Kamala Harris: Seven Key Facts About Democrats’ Top 2020 Contender

Kamala Harris (Drew Angerer / Getty)
Drew Angerer / Getty

Sen. Kamala Harris (D-CA) declared Monday that she will run for President of the United States.

She is already drawing comparisons to Barack Obama, who once praised her good looks. Like him, she is a left-wing first-term U.S. Senator with little experience and few accomplishments in office. Harris, who declared on Dr. Martin Luther King, Jr. day, also has a diverse background, and is the first woman of color to be a top presidential contender.

Here are seven other key facts about her:

1. Kamala Harris’s career received a boost from a patronage job in dubious circumstances. In 1994, then-outgoing Speaker of the California State Assembly Willie Brown (D-San Francisco) appointed Harris to a state board with a $72,000 salary. The Los Angeles Times reported: “Harris, a former deputy district attorney in Alameda County, was described by several people at the Capitol as Brown’s girlfriend.” (Brown was married but separated.)

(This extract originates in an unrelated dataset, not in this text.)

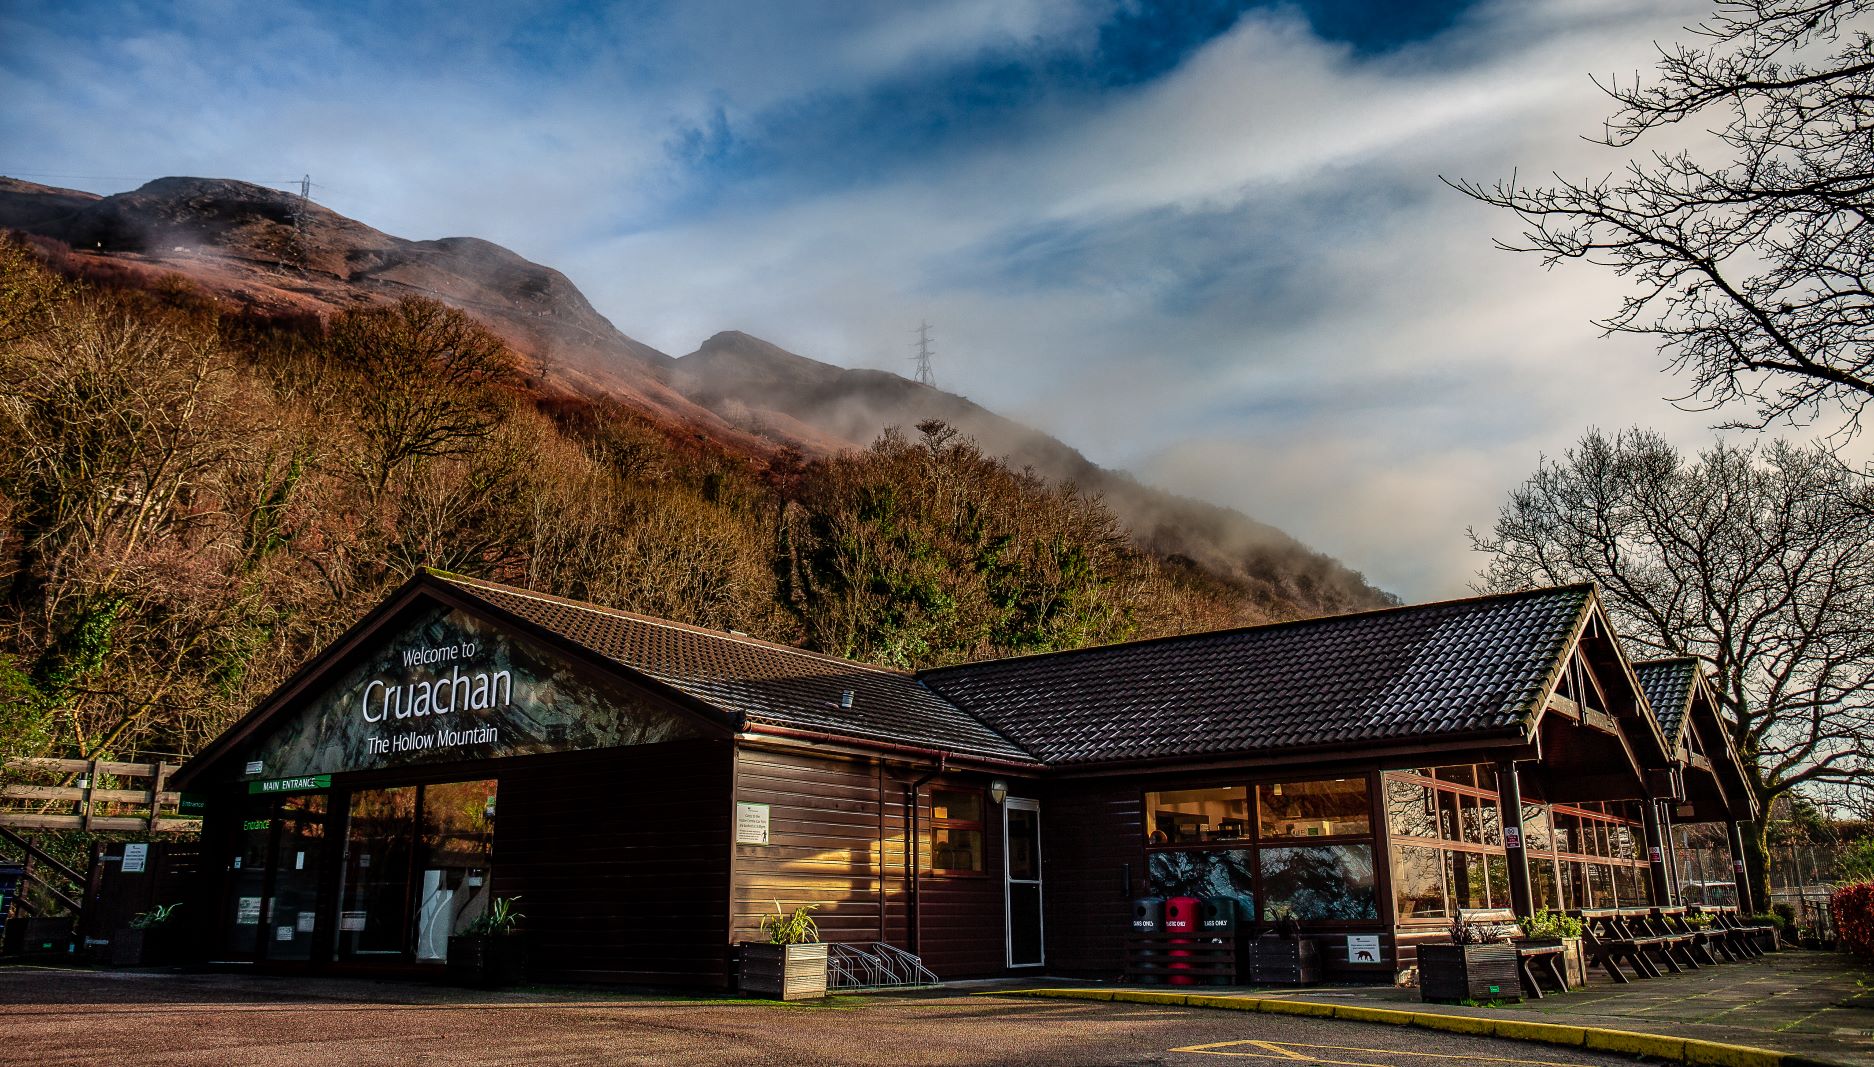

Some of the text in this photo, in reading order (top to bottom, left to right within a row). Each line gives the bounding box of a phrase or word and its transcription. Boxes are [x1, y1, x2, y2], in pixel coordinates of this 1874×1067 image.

2. Kamala Harris barely won her first race for California Attorney General in 2010. As in many of the 2018 congressional races in California, Harris won despite losing on Election Night: “Los Angeles District Attorney Steve Cooley had declared victory on election night, only to see the race flip-flop between the two candidates in the coming days as counties around the state continued to tally mail-in and provisional ballots,” SFGate.com reported.

3. Kamala Harris was accused of using her state office to attack political enemies and reward friends. Harris was sued by conservative groups for forcing them to disclose donor information that the IRS allows them to keep confidential. She was also sued by a healthcare company that claimed she imposed undue restrictions when it tried to buy another company because she wanted to help her ally, the Service Employees International Union (SEIU).

4. Kamala Harris was criticized for financial mismanagement during her 2016 U.S. Senate campaign. In 2015, the Sacramento Bee reported that Harris’s campaign had a “spending problem,” and was “burning through campaign cash nearly as rapidly as she raises it.” She won the general election against Rep. Loretta Sanchez (D-CA) after sewing up the support of the Democratic establishment, including then-President Barack Obama.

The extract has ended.